Fig. 1. Expression pattern of Top2b during mouse retinal development.

(A) E15.5 and E19.5 retina sections were processed to reveal EdU in vivo labeling. Staining with Top2b show that the vast majority of Top2b+ cells were in the INBL while EdU+ cells were in the ONBL. No EdU+ cells (arrowheads) were co-labeled with Top2b (arrows). (B) Top2b+ cells were co-labeled with Brn3a at E13.5. (C) Top2b+ cells were co-labeled with Opn1sw at E17.5. (D) Co-staining of Lim1/2 and Top2b at E15.5 and E17.5. (E) Co-staining of Pax6 and Top2b at 17.5 and E19.5. (F) Co-staining of Rhodopsin and Top2b at P7 and P180. (G) Co-staining of Pkcα and Top2b at P7 and P14. (H) Co-staining of EAAT1 and Top2b at P14. Boxed regions are shown in a higher magnification.
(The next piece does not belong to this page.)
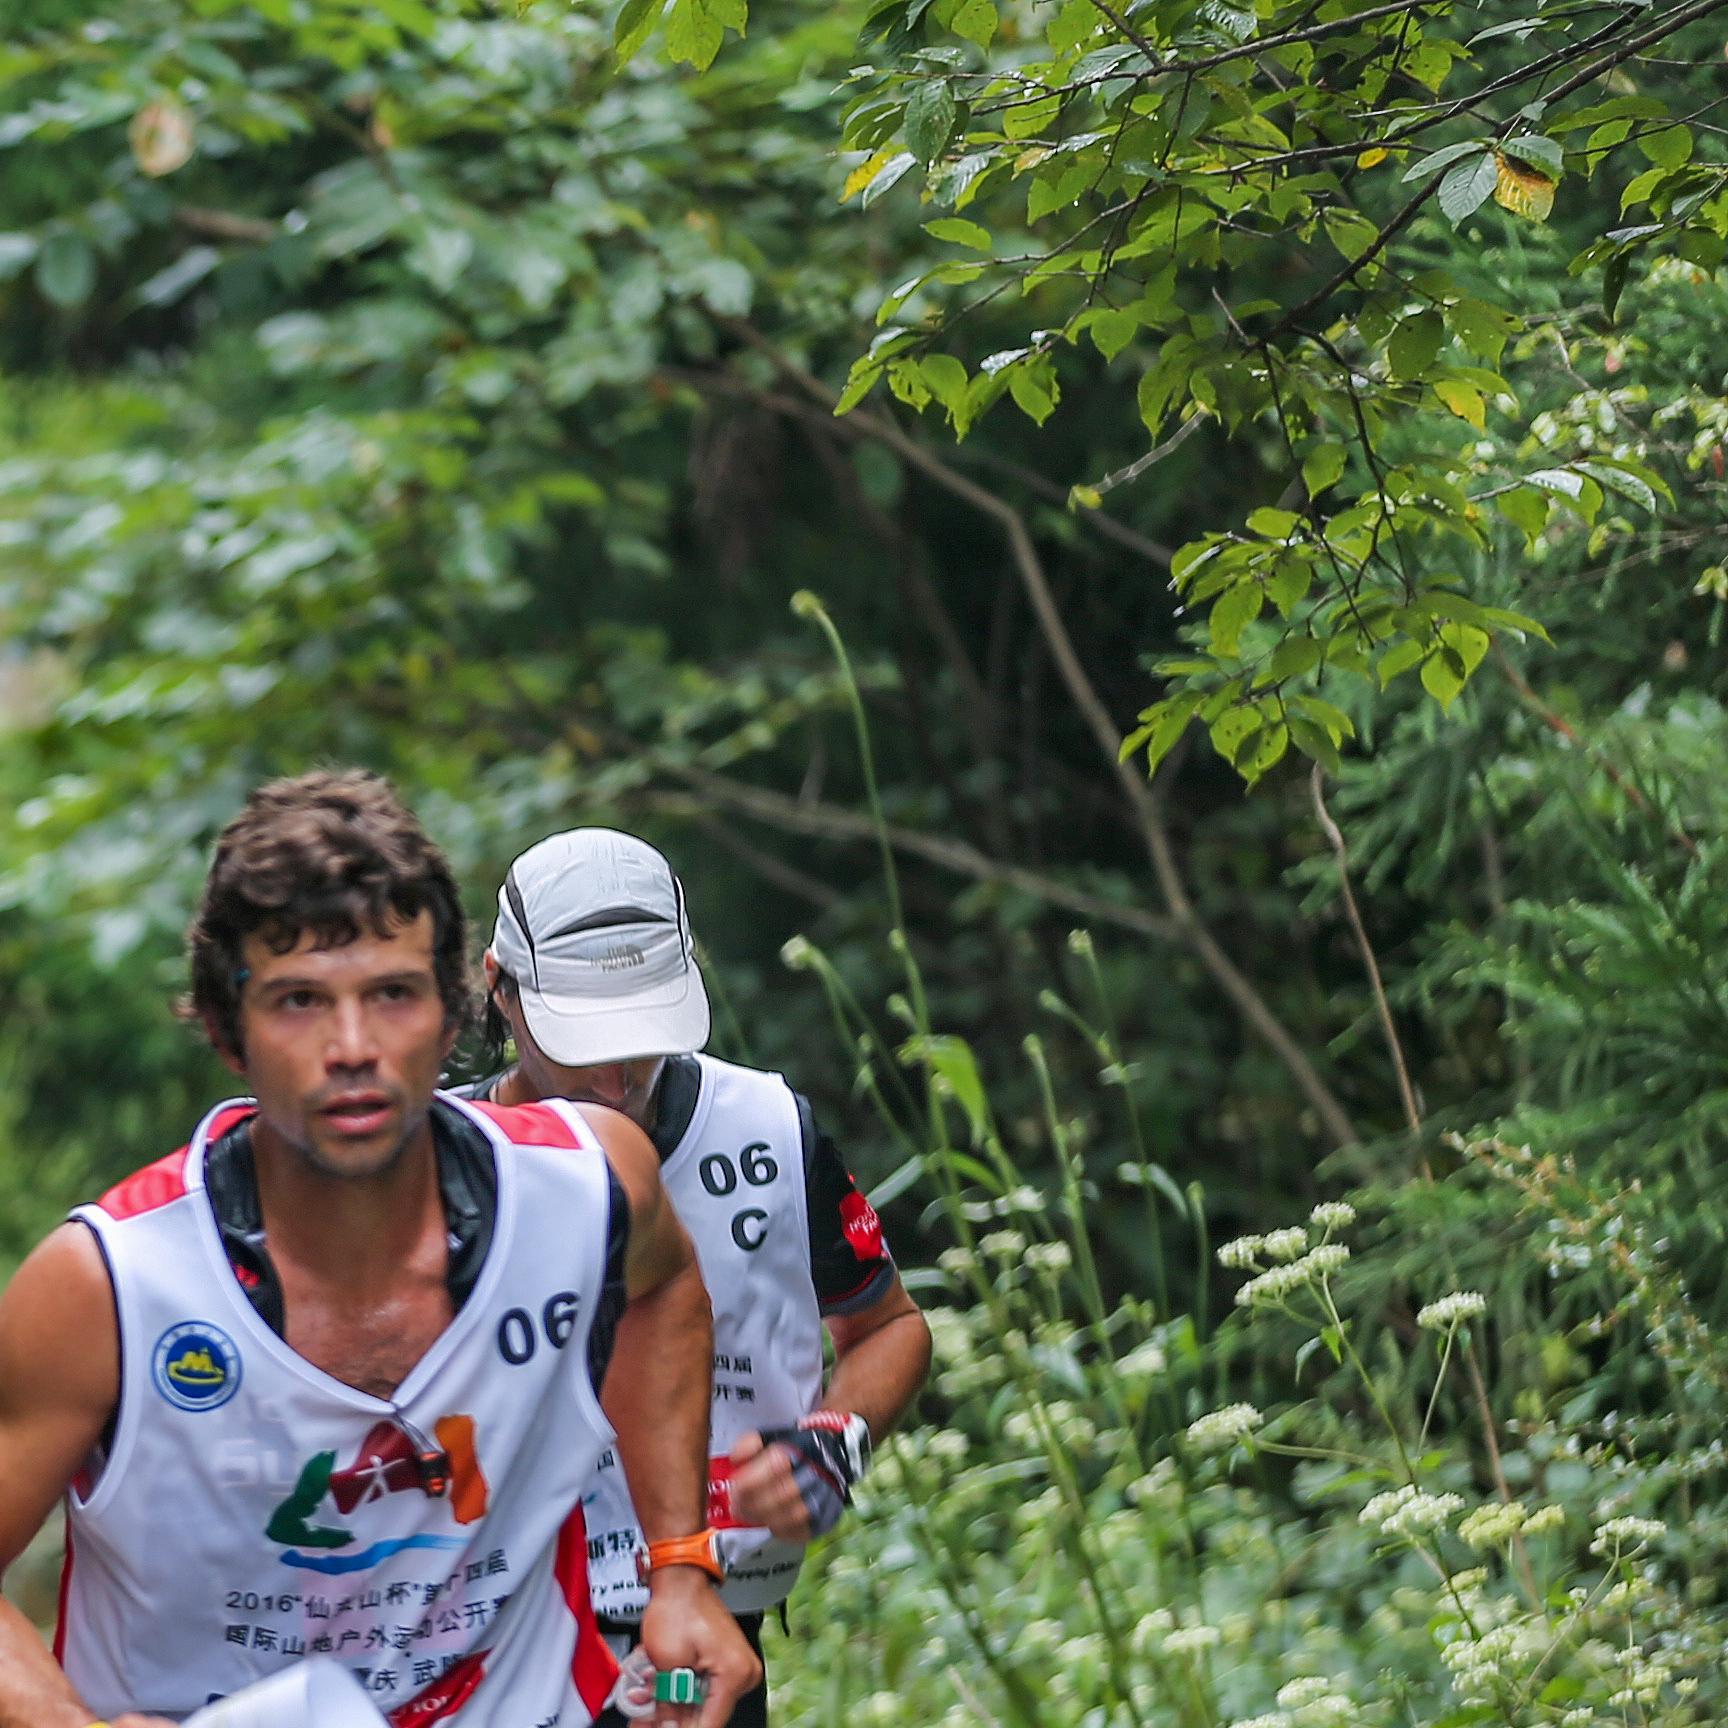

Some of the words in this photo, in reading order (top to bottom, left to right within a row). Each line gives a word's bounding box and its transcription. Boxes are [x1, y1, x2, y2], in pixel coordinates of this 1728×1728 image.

[698, 1141, 779, 1196] 06
[730, 1208, 769, 1252] C
[497, 1291, 581, 1364] 06
Arrowheads in (B–H) indicate double-labeled cells with Top2b and a retinal cell type specific marker. (I) Timeline of Top2b expression and neurogenesis in mouse retina. Color bars indicate the process of retinal development based on Young's work (Young, 1985a). Black arrows represent the timing of Top2b expression in different retinal cell types. INBL, inner neuroblastic layer; ONBL, outer neuroblastic later; GCL, ganglion cell layer; INL, inner nuclear layer; IPL, inner plexiform layer; ONL, outer nuclear layer; OPL, outer plexiform layer. Scale bars: 50 µm.